Your task → Repeat word for word, please, only the lines of the material from the one containing "this 1920×1440 image." through its final line, both ends included.

<<<<

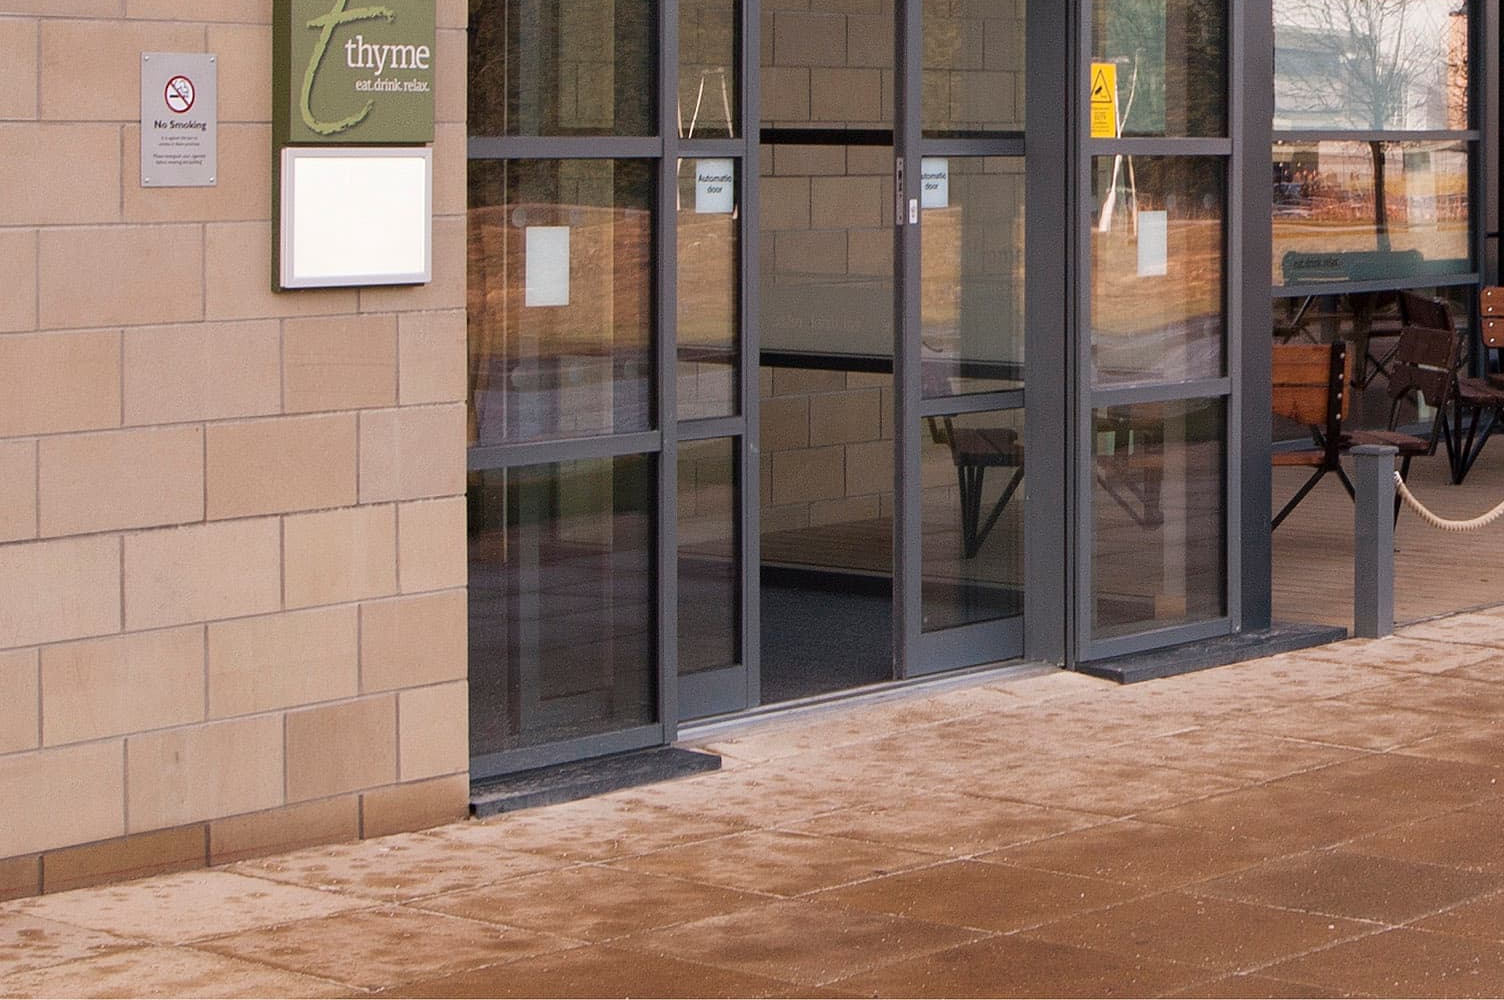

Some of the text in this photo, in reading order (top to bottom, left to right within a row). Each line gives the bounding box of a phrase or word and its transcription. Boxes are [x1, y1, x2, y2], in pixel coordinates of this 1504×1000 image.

[344, 35, 430, 76] thyme
[153, 120, 207, 132] No Smoking
[698, 173, 733, 184] Automatic
[706, 185, 723, 194] door
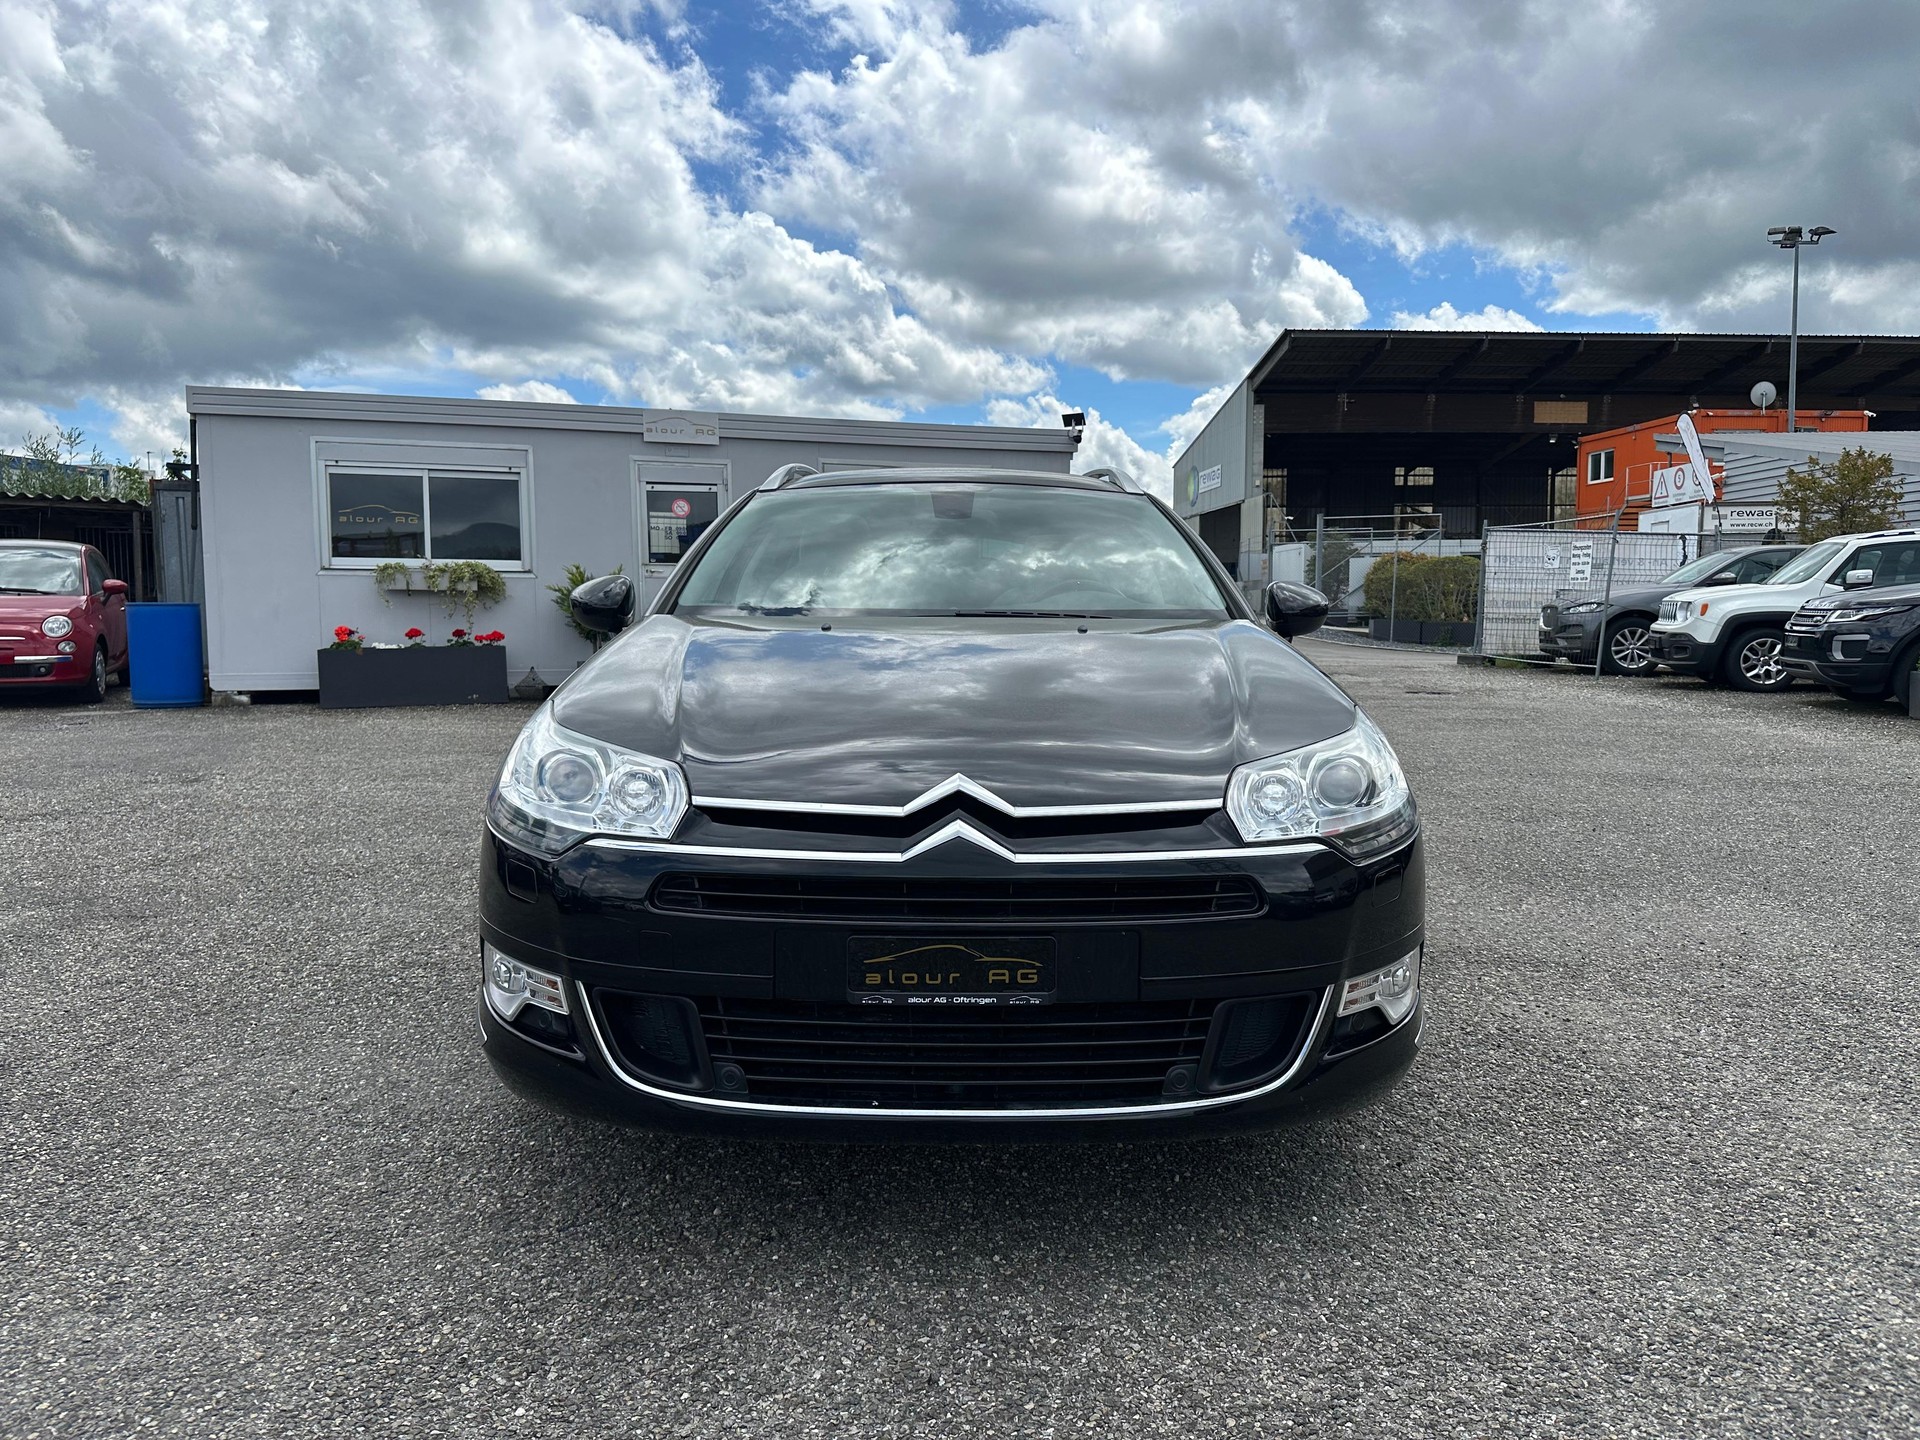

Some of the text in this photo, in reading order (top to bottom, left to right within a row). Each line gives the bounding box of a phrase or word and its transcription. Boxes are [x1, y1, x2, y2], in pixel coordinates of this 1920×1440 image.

[646, 426, 716, 436] alour AG
[338, 514, 419, 524] alour AG
[865, 969, 1039, 984] alour AG
[953, 996, 997, 1005] Oftringen

>>>>

Reply to the task →
Some of the text in this photo, in reading order (top to bottom, left to right within a row). Each line gives the bounding box of a phrase or word and its transcription. Boxes are [x1, y1, x2, y2], in pixel coordinates of this 1920×1440 image.

[646, 426, 716, 436] alour AG
[338, 514, 419, 524] alour AG
[865, 969, 1039, 984] alour AG
[953, 996, 997, 1005] Oftringen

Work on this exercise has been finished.